Meski seleksi belum dibuka, persyaratan CPNS 2026 diperkirakan mengacu pada ketentuan seleksi sebelumnya sebagaimana diatur dalam Keputusan Menteri PANRB Nomor 320 Tahun 2024. Syarat umum meliputi:

  • Warga Negara Indonesia
  • Usia minimal 18 tahun dan maksimal 35 tahun (hingga 40 tahun untuk jabatan tertentu)
  • Tidak pernah dipidana dengan hukuman penjara dua tahun atau lebih
  • Tidak pernah diberhentikan tidak hormat sebagai PNS, TNI, Polri, atau pegawai swasta
  • Tidak berstatus sebagai CPNS, PNS, TNI, atau Polri
  • Tidak menjadi anggota atau pengurus partai politik
  • Memiliki kualifikasi pendidikan sesuai jabatan
  • Sehat jasmani dan rohani
  • Bersedia ditempatkan di seluruh wilayah NKRI atau luar negeri sesuai kebutuhan instansi
  • Memenuhi persyaratan tambahan sesuai ketentuan instansi

Dokumen yang Perlu Disiapkan

Calon pelamar disarankan menyiapkan dokumen berikut sejak dini:

  • Kartu Tanda Penduduk (KTP)
  • Ijazah dan transkrip nilai
  • Sertifikat Pendidik (Serdik) untuk formasi guru
  • Surat Tanda Registrasi (STR) bagi tenaga kesehatan
  • Pas foto berlatar belakang merah
  • Swafoto (selfie)
  • Dokumen tambahan sesuai ketentuan instansi

Alur Pendaftaran Melalui SSCASN

Pendaftaran CPNS 2026 diperkirakan tetap dilakukan secara daring melalui portal resmi SSCASN di sscasn.bkn.go.id. Tahapan pembuatan akun meliputi:

  1. Mengakses laman SSCASN
  2. Memilih menu “Buat Akun”
  3. Mengisi NIK, nomor KK, data diri, email aktif, dan nomor telepon
  4. Mengunggah foto KTP dan swafoto
  5. Membuat kata sandi dan memverifikasi data
  6. Menyelesaikan proses pendaftaran akun

Setelah akun aktif, pelamar dapat login untuk memilih formasi dan mengunggah dokumen persyaratan.

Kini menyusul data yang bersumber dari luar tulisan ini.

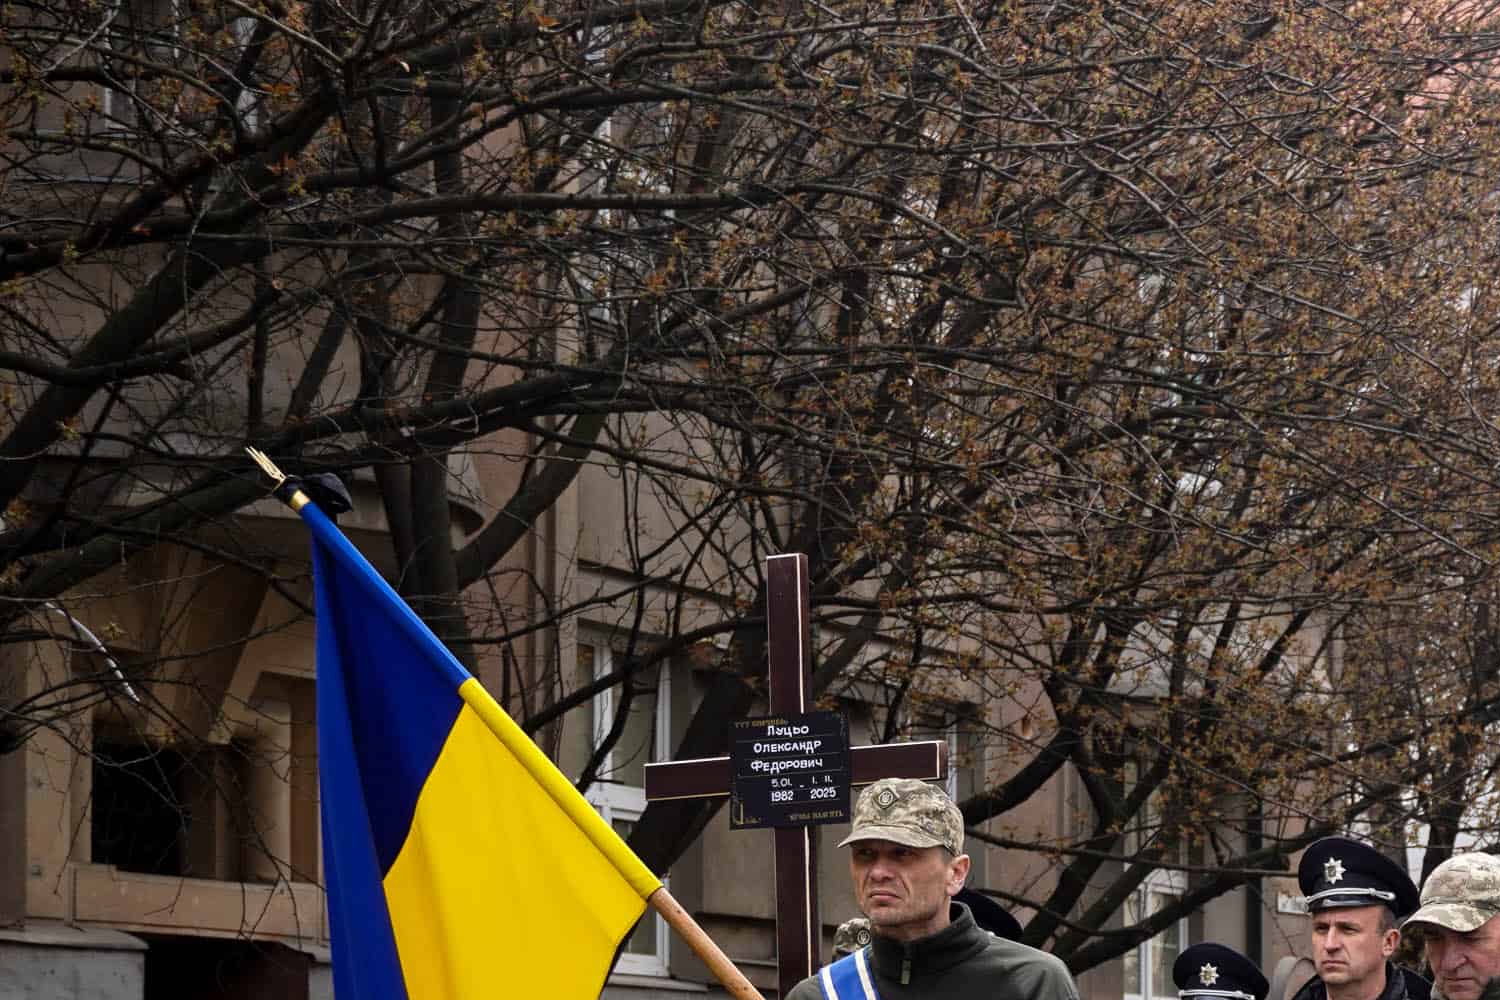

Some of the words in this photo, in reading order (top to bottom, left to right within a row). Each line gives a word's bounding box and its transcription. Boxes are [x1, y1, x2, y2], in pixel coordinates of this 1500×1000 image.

Cara Mengecek Formasi CPNS 2026

Apabila seleksi telah dibuka, formasi dapat dicek melalui:

  1. Portal SSCASN
  2. Pemilihan periode pengadaan tahun 2026
  3. Penentuan jenjang pendidikan dan program studi
  4. Pemilihan instansi tujuan
  5. Pemilihan jenis pengadaan “CPNS”
  6. Klik “Cari” untuk melihat daftar formasi tersedia

CPNS 2026 diproyeksikan menjadi momentum penting bagi pencari kerja yang ingin berkarier sebagai aparatur sipil negara. Meski jadwal pendaftaran belum diumumkan, persiapan sejak dini menjadi langkah strategis untuk meningkatkan peluang lolos seleksi.

Pemerintah kembali mengingatkan masyarakat agar hanya mengacu pada sumber informasi resmi dan tidak mudah terpengaruh oleh kabar yang beredar di luar kanal pemerintah.